The revelation aligns with months of unanswered public records requests directed at the Department of Finance, which has been unable to produce invoices for police overtime at street festivals.

While the department did provide invoice data for traffic control aides at events like Riot Fest, Lollapalooza, and several 5Ks, it referred CBS News to the city’s Public Safety Administration for police overtime. However, the Public Safety Administration has not responded to records requests for police overtime details and did not return requests for comment.

“What may make more sense is we can provide all of our historical data about what our costs are, and we can provide that to DCASE, we can provide that to the Department of Finance. We can give a unified city service quote at the front end,” said Ryan Fitzsimons, Deputy Director at the Chicago Police Department.

During a budget hearing for the Department of Cultural Affairs and Special Events last week, officials revealed that their department is not involved in the invoicing process for reimbursing police overtime, raising concerns among aldermen that permits are being issued to event producers with outstanding balances.

On Friday, police officials said that despite the lack of reimbursement, they do not have the authority to block special event permits unless there are safety concerns. This lack of enforcement power leads to ongoing accountability issues with invoicing, they noted.

“We conduct numerous after-action meetings with OEMC and other city agencies. The problem is that, while we identify these reimbursement issues during those meetings, they are not addressed in subsequent permits issued the following year,” said Chief Duane DeVries, head of the Bureau of Counterterrorism with the Chicago Police Department.

After each permitted special event, the Chicago Police Department generates an “event evaluation form” that tracks the number of incidents and officers assigned to the event.

On Friday several aldermen requested event evaluation forms for various Chicago’s special events.

In July, the CBS News Data Team and Block Club Chicago requested event evaluation data for various events from 2019 to 2024, including PrideFest, Market Days, Wicker Park Fest, and Lollapalooza. The department said the evaluations were kept on paper. A request for those documents was made in August. As of last week, the department is still working on that request. 

All special event producers are required to present security plans to Chicago Police for feedback before the city’s events department issues a permit. The amount of private security is determined by various factors, including the event’s history, location, current events and crime trends. Event organizers suggest a security plan and the police department approves, denies and makes suggestions.

Because of this, some special event producers have argued that they should not be required to pay for police overtime. 

“It’s like someone coming and painting your house and then saying, ‘I want you to pay for it.’ … Well, I didn’t want you to paint my house,” Hank Zemola, CEO of Special Events Management, previously said. “I ordered all this (security) so we wouldn’t have to do that.”

Special Events Management puts on numerous special events including street races and neighborhood street festivals. The company organizes some of the city’s most popular street festivals like Pridefest, Ribfest and others.

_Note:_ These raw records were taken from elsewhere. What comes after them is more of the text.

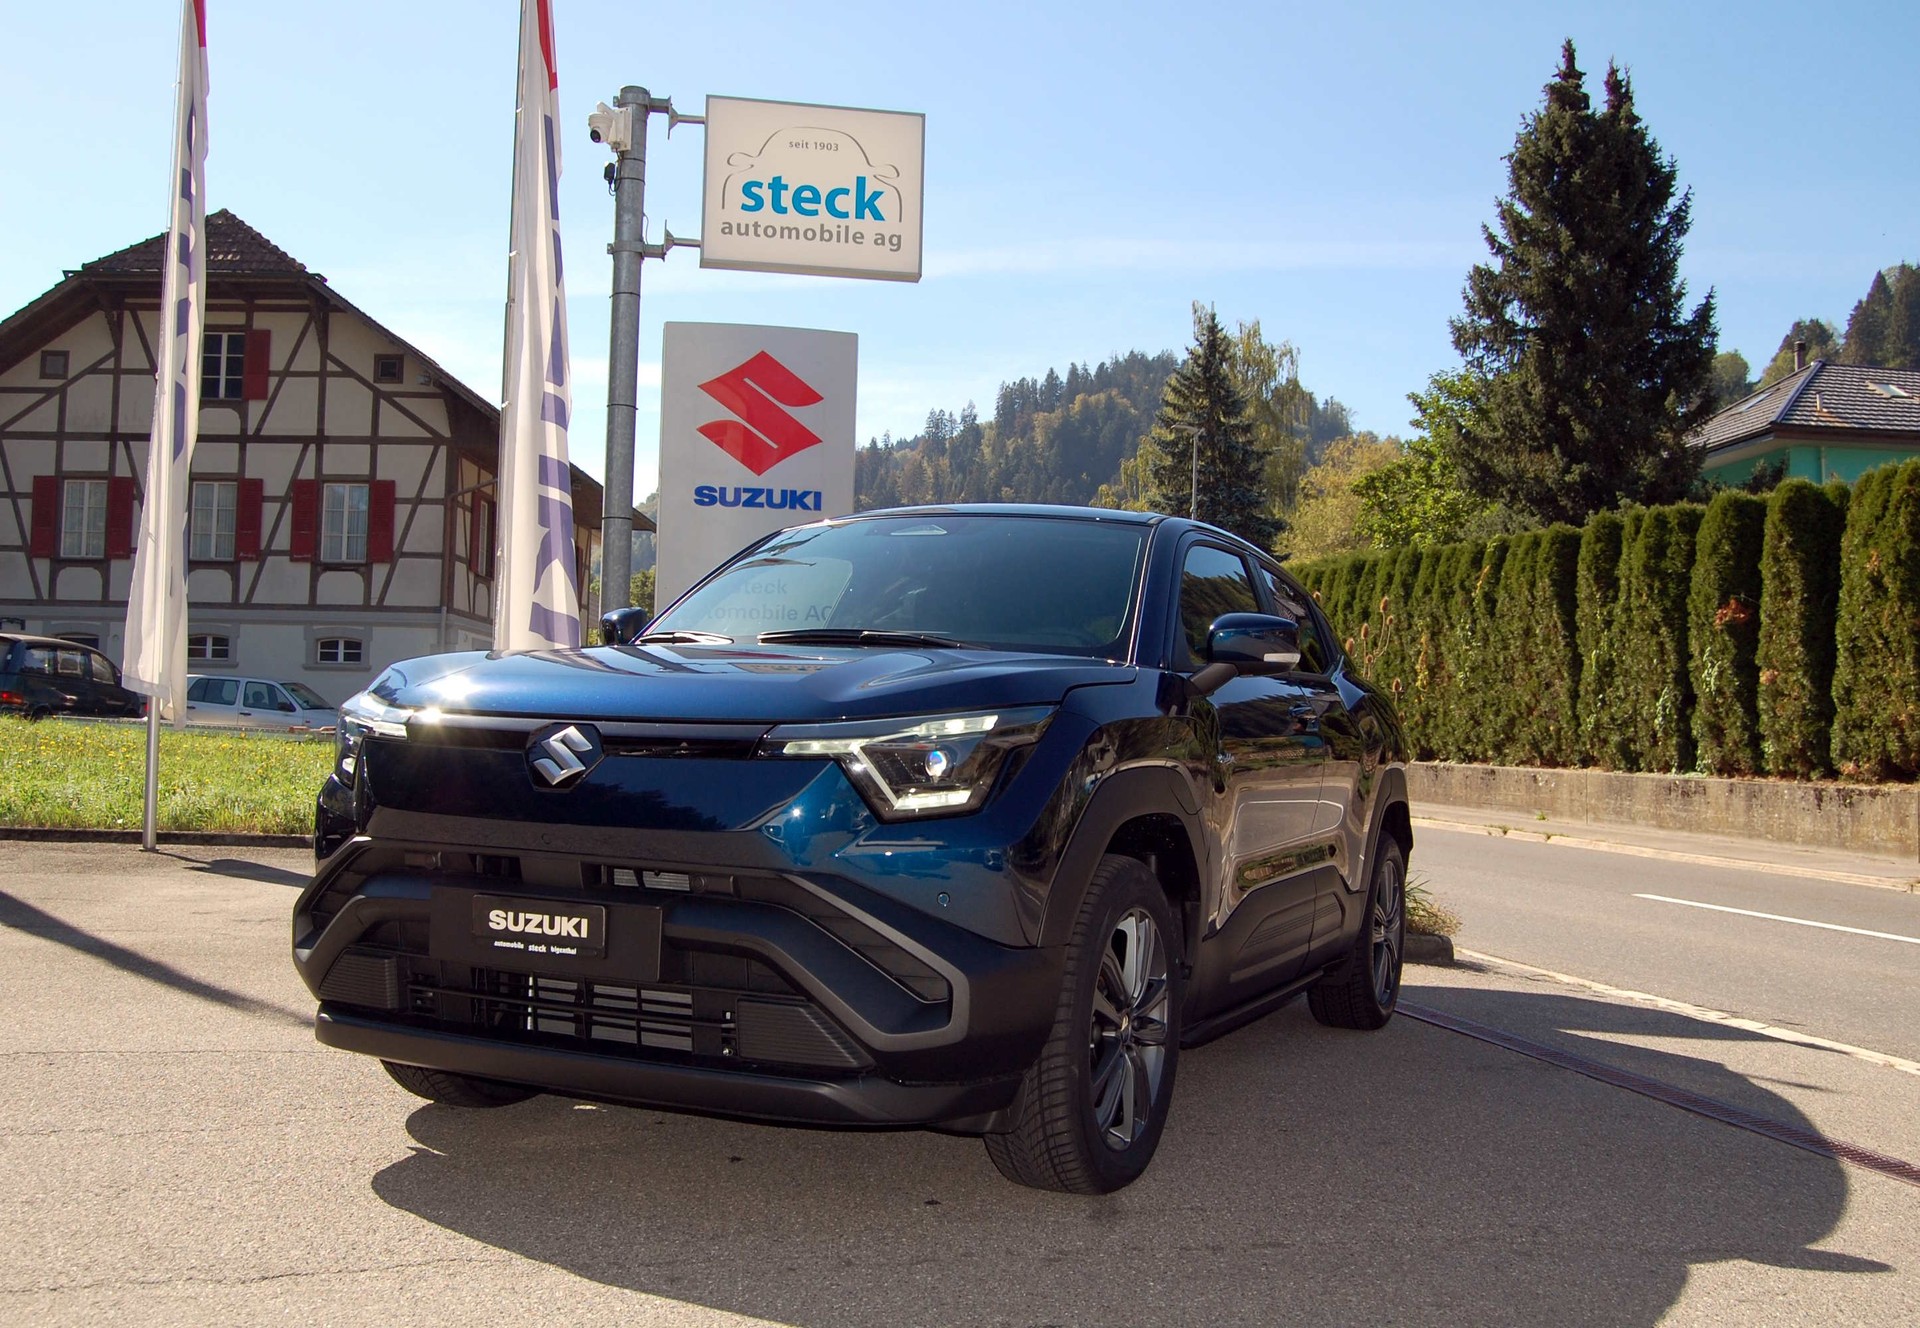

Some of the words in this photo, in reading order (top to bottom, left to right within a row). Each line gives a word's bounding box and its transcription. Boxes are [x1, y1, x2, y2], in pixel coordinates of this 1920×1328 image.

[789, 139, 809, 149] seit
[814, 141, 839, 152] 1903
[740, 175, 886, 221] steck
[720, 220, 865, 245] automobile
[873, 232, 902, 252] ag
[693, 485, 822, 511] SUZUKI
[741, 577, 788, 595] teck
[706, 603, 798, 621] tomobile
[488, 909, 588, 938] SUZUKI
[494, 940, 524, 950] automobile
[528, 943, 547, 953] steck

By city law, street festivals cannot charge an entry fee but can propose suggested donations for entry. With suggested donations in decline, inflation making festivals more expensive to produce and consumers spending less, Zemola estimates that at least 50% of the company’s events this year lost money.

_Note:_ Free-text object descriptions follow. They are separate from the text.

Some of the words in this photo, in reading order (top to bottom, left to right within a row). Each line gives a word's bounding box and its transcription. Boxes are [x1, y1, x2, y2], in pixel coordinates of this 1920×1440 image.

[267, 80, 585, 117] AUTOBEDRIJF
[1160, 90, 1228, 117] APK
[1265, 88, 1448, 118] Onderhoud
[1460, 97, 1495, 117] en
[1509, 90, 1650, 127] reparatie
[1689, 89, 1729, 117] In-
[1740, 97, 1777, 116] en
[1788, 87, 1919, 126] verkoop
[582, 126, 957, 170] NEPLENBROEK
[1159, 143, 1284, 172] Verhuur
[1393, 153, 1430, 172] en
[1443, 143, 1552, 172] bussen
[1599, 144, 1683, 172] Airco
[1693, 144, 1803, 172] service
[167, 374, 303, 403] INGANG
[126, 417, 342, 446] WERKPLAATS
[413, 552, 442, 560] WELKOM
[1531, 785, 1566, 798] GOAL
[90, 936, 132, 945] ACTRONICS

Still, with the City Council looking for cost-saving measures aldermen are eager to close the loophole that is hemorrhaging money from this city.

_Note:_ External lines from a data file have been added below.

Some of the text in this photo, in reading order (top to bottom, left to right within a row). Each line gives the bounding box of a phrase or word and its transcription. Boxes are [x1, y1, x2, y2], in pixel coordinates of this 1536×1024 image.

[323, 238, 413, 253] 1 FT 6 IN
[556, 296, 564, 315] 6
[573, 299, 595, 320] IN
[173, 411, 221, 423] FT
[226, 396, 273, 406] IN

“I hope that with the information … your department provides us, we can, from the council side, work on maybe a better process that gives you guys … a seat at the table … so that we can better manage and join our resources,” said Ald. Maria Hadden (49th).


This story was produced under a collaboration with Block Club Chicago, a nonprofit newsroom focused on Chicago’s neighborhoods, and CBS News Chicago. Melody Mercado contributed to this report.